As Leo Bottary’s podcast (and upcoming book) declares, “Who you surround yourself with matters!”

Unfortunately, too many people mistakingly feel they can only learn from people as smart, or smarter than them. “Why would I want to hear anything from that guy?” may be an unspoken refrain. Or not. Sometimes people say it. Most often they’re referring to somebody who they feel is inferior to their lot in life. For instance, the CEO of a $2B company thinks the CEO of a $200M startup has nothing to offer her. The business owner with a Harvard MBA thinks the college dropout business owner can’t possibly teach them anything. That’s how people get stuck and stay stuck. They think they have to be the smartest person in every situation. And they feel they have to constantly be on the prowl for people who may (operative word here MAY) be smarter than them. Over time, their arrogance drives them to feel like they’re unicorn hunting because…well, nobody is smarter than them. And searching for such people can be exhausting when you’re so brilliant. 

Missing The Point

For starters, finding people as smart or smarter than you isn’t that hard. Seeing them, though, can be almost impossible when you’re not looking. Or seeing clearly. 

Your smartness does have a big part to play in all this. Let’s not discount your brilliance. It has served you well (let’s hope), and it can continue to serve you well. Just not in the ways you may think. At least, not exactly. 

Smart people – people like you – are able to distill information and gain from it what you will. That is, you can read things, hear things, see things and figure out some things based on all that input. That’s why you may read. And look at financials. Or listen to podcasts. And talk with your direct reports. You connect dots after you feel like you’re seeing the problem and the potential solutions. That’s where your smartness comes into play. 

Your smartness does NOT come into play when you isolate yourself, refusing to listen to people you deem as intellectually inferior. It’s not about that. It’s about have people in your life willing to not be fooled by your bravado, or intimidated by your credentials or success — people who are willing to serve you by sharing their experiences, which are bound to be very different from yours.

Have you ever had a conversation with a child? Or a person of the opposite sex? Or somebody younger? Or somebody older? Or somebody who has never lived where you do? 

Why did you do that? Those people can’t possibly teach you anything. They don’t share enough in common with you, right? And we’re not even talking about how smart they are compared to you. 

How smart are you? Well, I know you’re smart enough to hear the snarkiness and understand the point. People who are very different have quite a lot to offer us if we’ll just stop long enough to give them some respect, and to listen. 

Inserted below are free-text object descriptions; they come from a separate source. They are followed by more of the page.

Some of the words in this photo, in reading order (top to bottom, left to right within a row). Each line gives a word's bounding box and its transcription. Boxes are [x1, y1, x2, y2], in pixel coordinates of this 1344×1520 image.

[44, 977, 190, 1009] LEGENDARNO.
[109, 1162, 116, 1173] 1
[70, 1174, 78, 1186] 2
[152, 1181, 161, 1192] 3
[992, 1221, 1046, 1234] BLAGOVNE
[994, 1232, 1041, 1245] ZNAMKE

My wife doesn’t have the business experience I do. She’s never run a company with employees or millions in sales and budgets. Like I have. But she doesn’t have the head trash that goes along with my years of experience either. Or the tendency to overthink things. So she sees some things quite obviously and clearly that I may not see at all because I’m just not looking at it correctly. Her perspective has value. It has value because it’s so different from my own! 

Different Points of View, Different Experiences

You see, finding people who can help you grow, improve and transform isn’t about finding people smarter than you. Some of us don’t find that quite as challenging as others. But thankfully, we don’t have to walk around giving folks an IQ test, or some other assessment, to find out if they’re smart enough to help us. We just need to find people willing to help us do the work of G.I.T. (growth, improvement, transformation). People who have a perspective that may be different from our own. People who haven’t lived exactly as we have. 

Variety is the spice of life, but it’s also the value of personal growth as a business owner or leader. 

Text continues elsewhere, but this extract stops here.